EAGLE PASS, Texas — A source within U.S. Customs and Border Protection says the Border Patrol has now apprehended more than 1 million migrants at the southwest sectors in Fiscal Year 2022. The benchmark was reportedly reached Thursday and signals the federal agency is again poised to break records.

The source says nearly 8,000 migrants were apprehended on Wednesday, breaking the single-day record for migrant encounters at the southwest border. Nearly 7 of 10 migrants apprehended since October 1 are single adults, according to the source.
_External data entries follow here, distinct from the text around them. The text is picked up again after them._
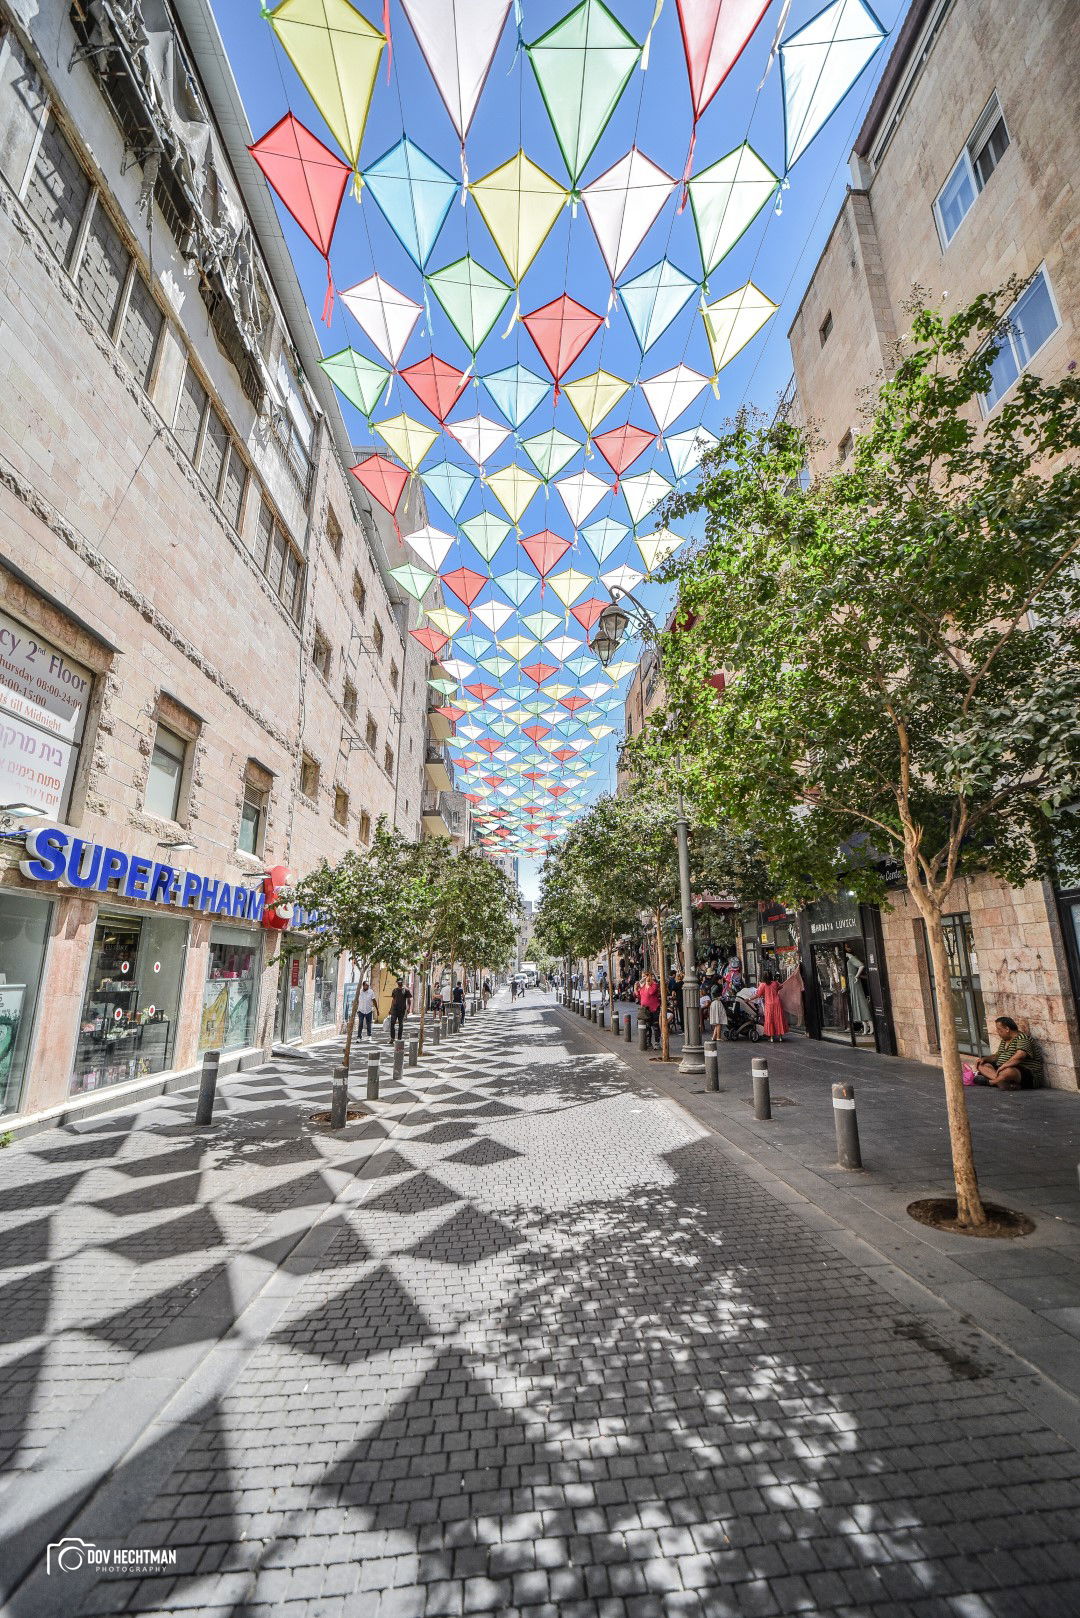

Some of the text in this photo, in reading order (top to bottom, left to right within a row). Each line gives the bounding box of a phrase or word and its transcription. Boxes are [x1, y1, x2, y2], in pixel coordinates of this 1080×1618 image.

[48, 655, 87, 693] Floor
[25, 705, 63, 733] Midnight
[38, 742, 63, 768] בית
[37, 771, 61, 791] פתוח
[20, 828, 266, 922] SUPER-PHARM
The source says limited removal pathways are contributing to overcrowding at Border Patrol processing facilities.

On multiple occasions last week, the source says the agency encountered large migrant groups numbering more than 200 in size. On Sunday, one single group of 187 crossed the Rio Grande near Eagle Pass and quickly surrendered.

The source says limited removal options are causing large amounts of released migrants. The only significant tool is the Trump era emergency Title 42 COVID-19 CDC order, which could quickly expel applicable migrants from Mexico, Guatemala, Honduras, and El Salvador with minimal administrative processing.

Mexico, according to the source, will not accept family units with small children. In January 2021, the Biden Administration excluded unaccompanied migrant children from expulsion under the emergency order — which resulted in an unprecedented surge of the same cohort.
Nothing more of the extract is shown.